A Message From Fuel Freedom

Tuesday

Dear Friend,

My heart was filled with sadness when I read the morning news yesterday…yet another terror attack. I want to offer my deepest condolences to the victims of the tragedy in Brussels. But as I continue to read in dismay about the horrors of these attacks, not only in Brussels, but also the suicide bomber in Istanbul, and the ISIS rocket that killed U.S. Staff Sergeant Louis F. Cardin (age 28) in Iraq, I am more resolved than ever to stop them.

The best way to do that is to de-fund the terrorists and the violent ideology behind them.

A key source of funding for these terrorists is oil, and it’s clear that Fuel Freedom’s mission will make it much harder for them. Our goal is to open up the market to fuel competition, which will permanently drive down the cost of oil, leaving these terrorists without funding and without the ability to carry out their hateful carnage.
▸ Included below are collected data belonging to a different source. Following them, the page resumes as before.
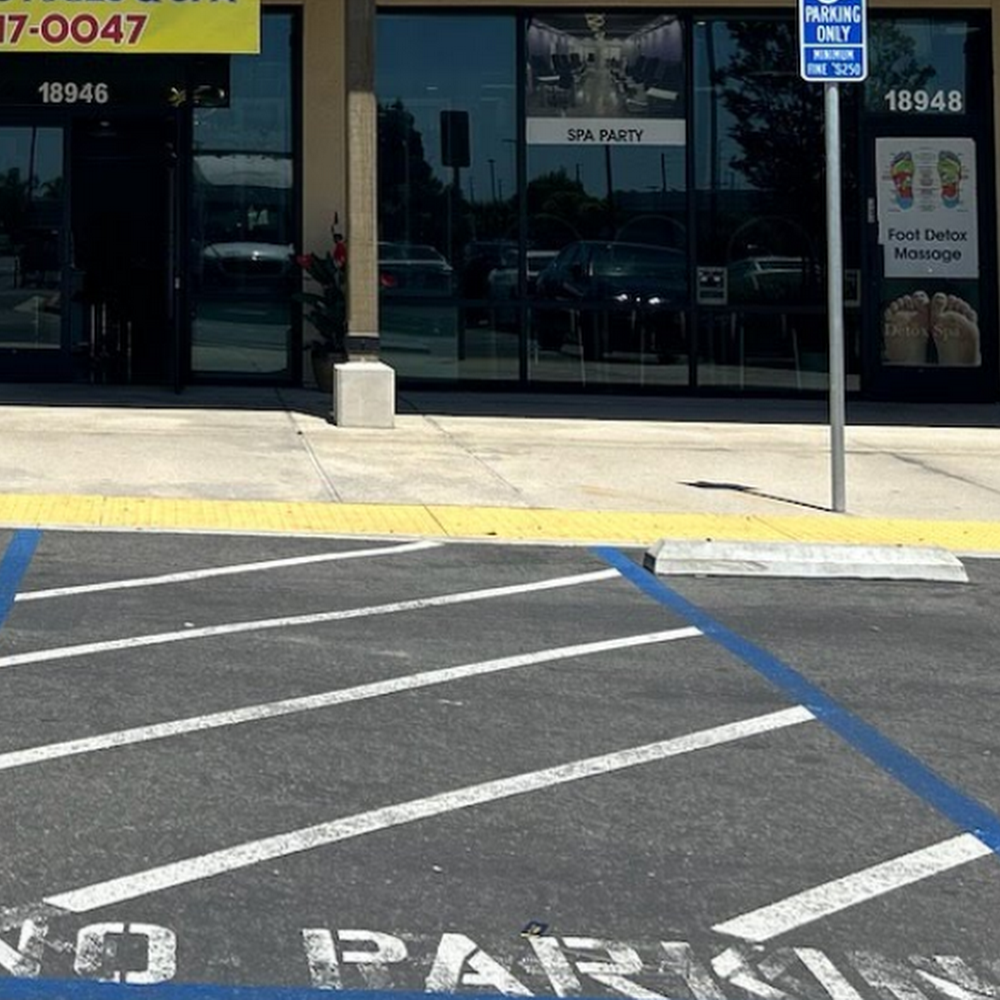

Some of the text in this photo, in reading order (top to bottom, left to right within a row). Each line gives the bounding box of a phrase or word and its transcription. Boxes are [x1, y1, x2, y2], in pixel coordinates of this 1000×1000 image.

[805, 5, 861, 23] PARKING
[816, 25, 851, 43] ONLY
[38, 82, 109, 104] 18946
[884, 90, 963, 112] 18948
[567, 129, 645, 143] SPA PARTY
[888, 229, 967, 242] Foot Detox
[894, 248, 962, 263] Massage
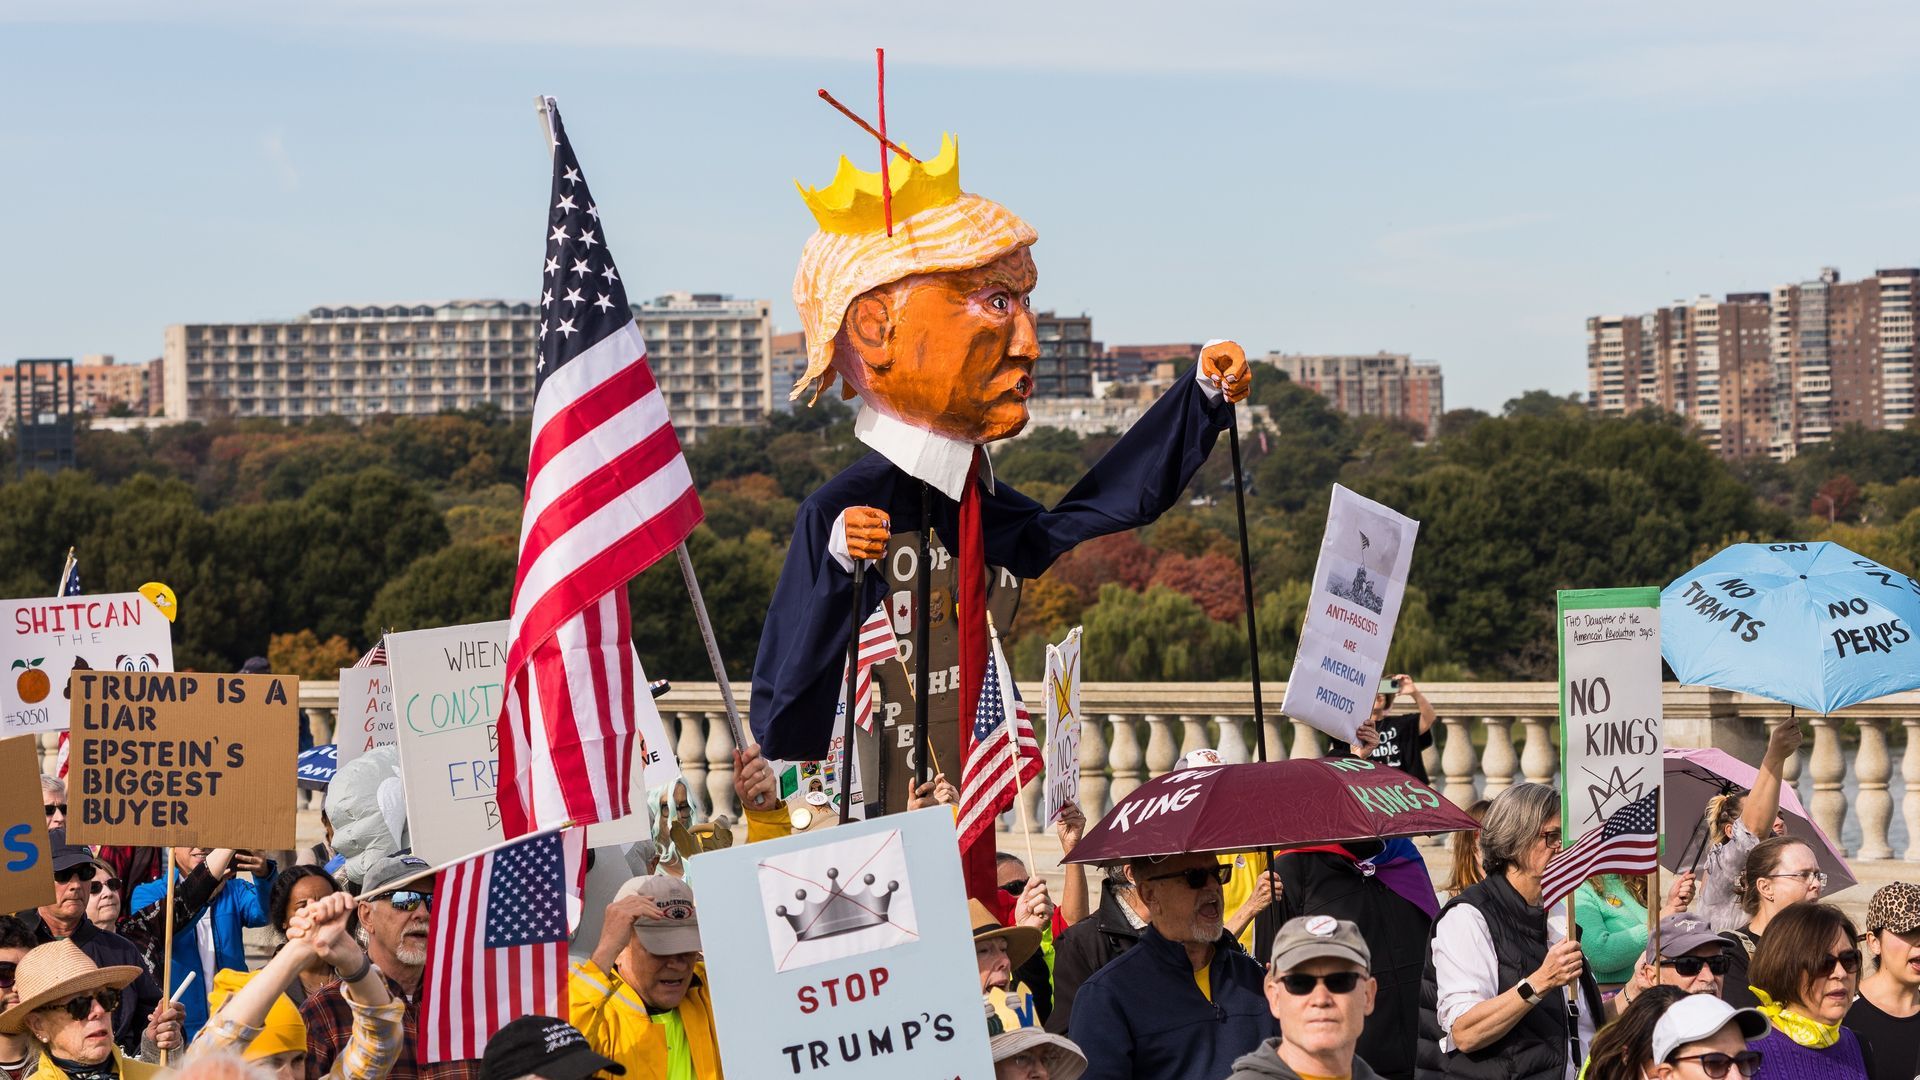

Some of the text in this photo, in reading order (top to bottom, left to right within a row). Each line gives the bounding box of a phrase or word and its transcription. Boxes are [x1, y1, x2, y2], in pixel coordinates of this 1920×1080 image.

[1716, 578, 1757, 599] NO
[15, 599, 142, 635] SHITCAN
[1325, 603, 1378, 636] ANTI-FASCISTS
[1584, 614, 1617, 632] Daughter
[1619, 612, 1627, 625] of
[1681, 580, 1766, 643] TYRANTS
[1828, 597, 1869, 619] NO
[53, 631, 103, 647] THE
[1343, 639, 1358, 653] ARE
[1573, 630, 1603, 642] American
[1605, 626, 1636, 640] Revolution
[1830, 618, 1910, 659] PERPS
[443, 640, 508, 672] WHEN
[1320, 655, 1367, 688] AMERICAN
[80, 674, 288, 706] TRUMP IS A
[365, 697, 392, 714] Are
[1315, 685, 1355, 714] PATRIOTS
[1570, 677, 1611, 717] NO
[5, 706, 49, 728] #50501
[83, 704, 157, 731] LIAR
[83, 736, 245, 768] EPSTEIN'S
[1585, 717, 1659, 757] KINGS
[1057, 735, 1073, 777] NO
[1322, 757, 1376, 772] NO
[83, 768, 223, 797] BIGGEST
[1051, 768, 1077, 815] KINGS
[83, 798, 190, 827] BUYER
[1108, 783, 1203, 833] KING
[1347, 780, 1440, 818] KINGS
[796, 966, 890, 1015] STOP
[782, 1012, 955, 1074] TRUMP'S
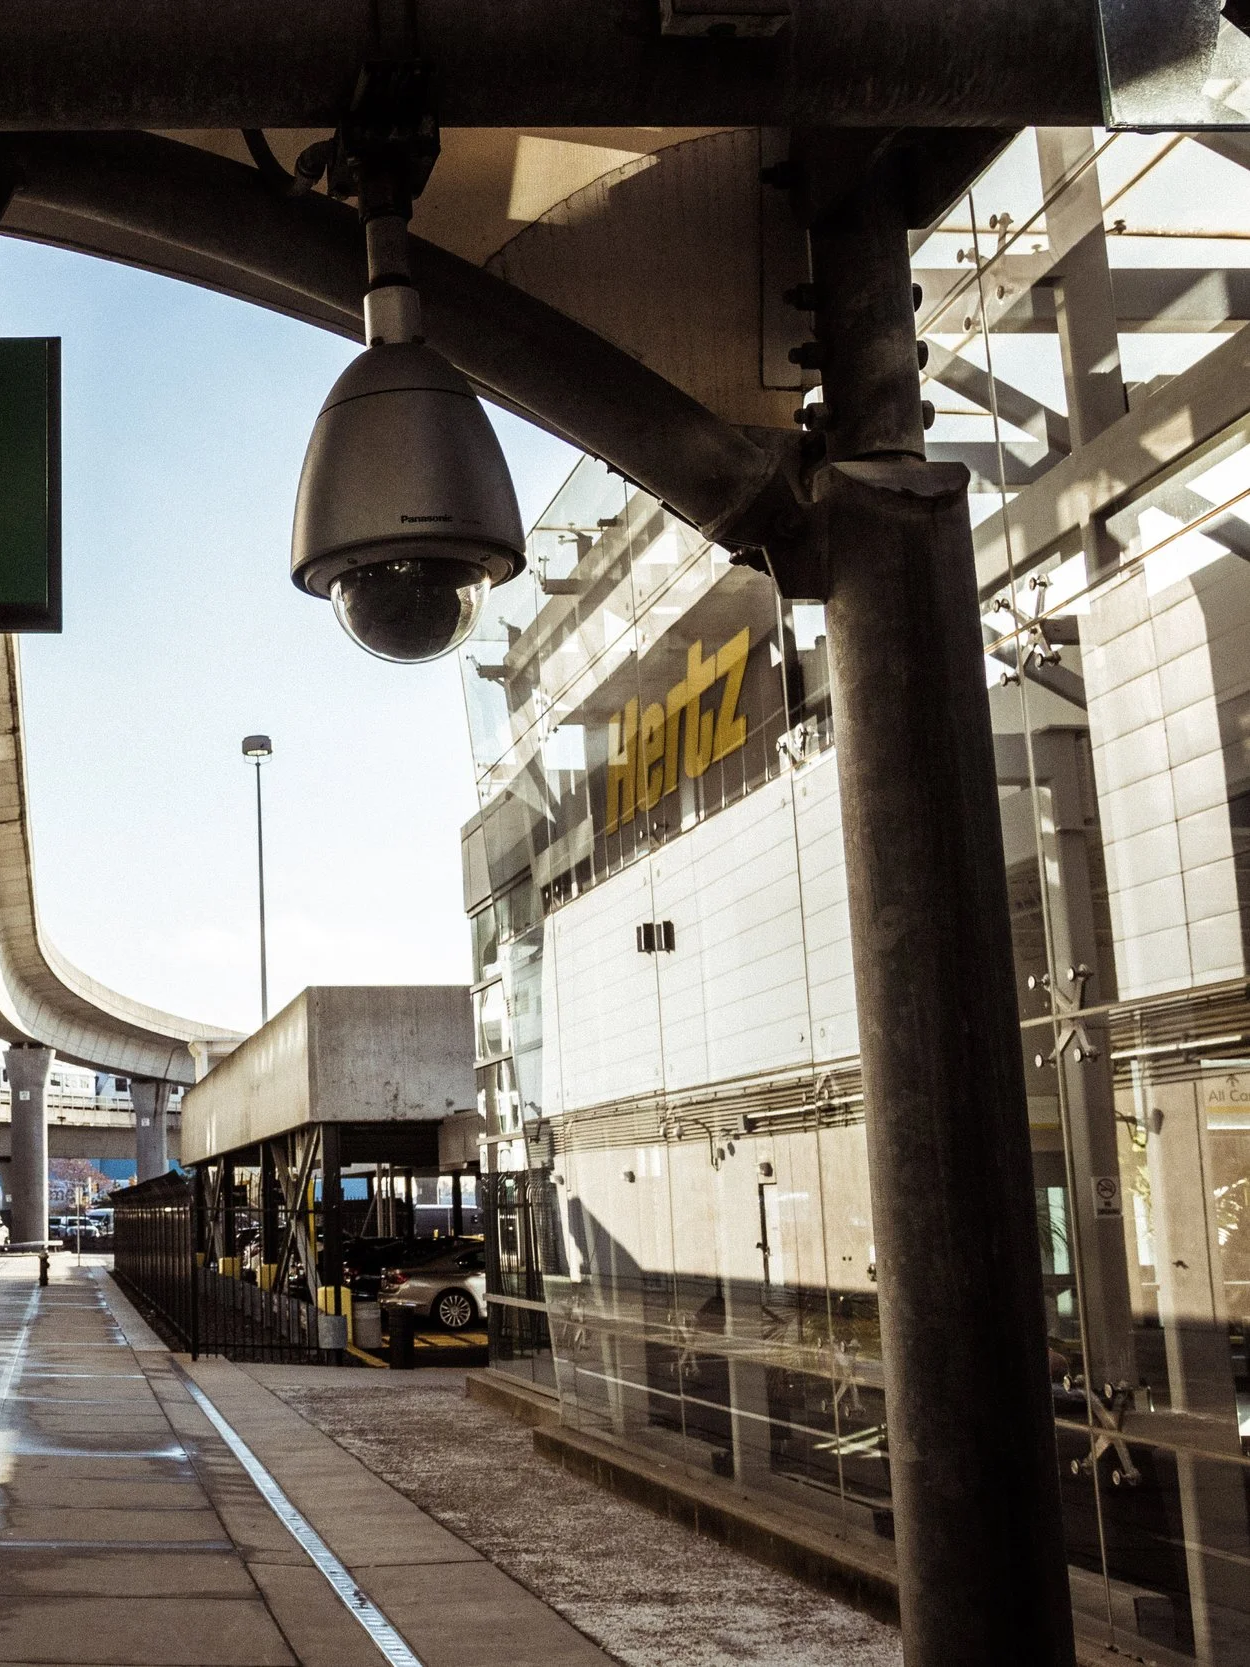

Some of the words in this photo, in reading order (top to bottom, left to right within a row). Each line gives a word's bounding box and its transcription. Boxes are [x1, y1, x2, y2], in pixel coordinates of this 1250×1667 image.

[401, 514, 453, 524] Panasonic
[605, 625, 750, 837] Hertz
[1209, 1090, 1225, 1102] All
[1230, 1089, 1250, 1102] Ca
We have already proved our theory. You don’t have to scour the news for stories about how low oil prices are harming terrorists. CNN reported in January how ISIS, which has been reliant on oil as a major funding source, is now reported to be in financial trouble. Other examples are being published every day.

The way to stop these people from inflicting more death isn’t to send our sons and daughters in the military to fight them. Defunding the ideology of terrorism is something we can do by making fuel choice a reality. Offering American-made fuels at the pump can not only increase our security but stop these radicals from causing more harm.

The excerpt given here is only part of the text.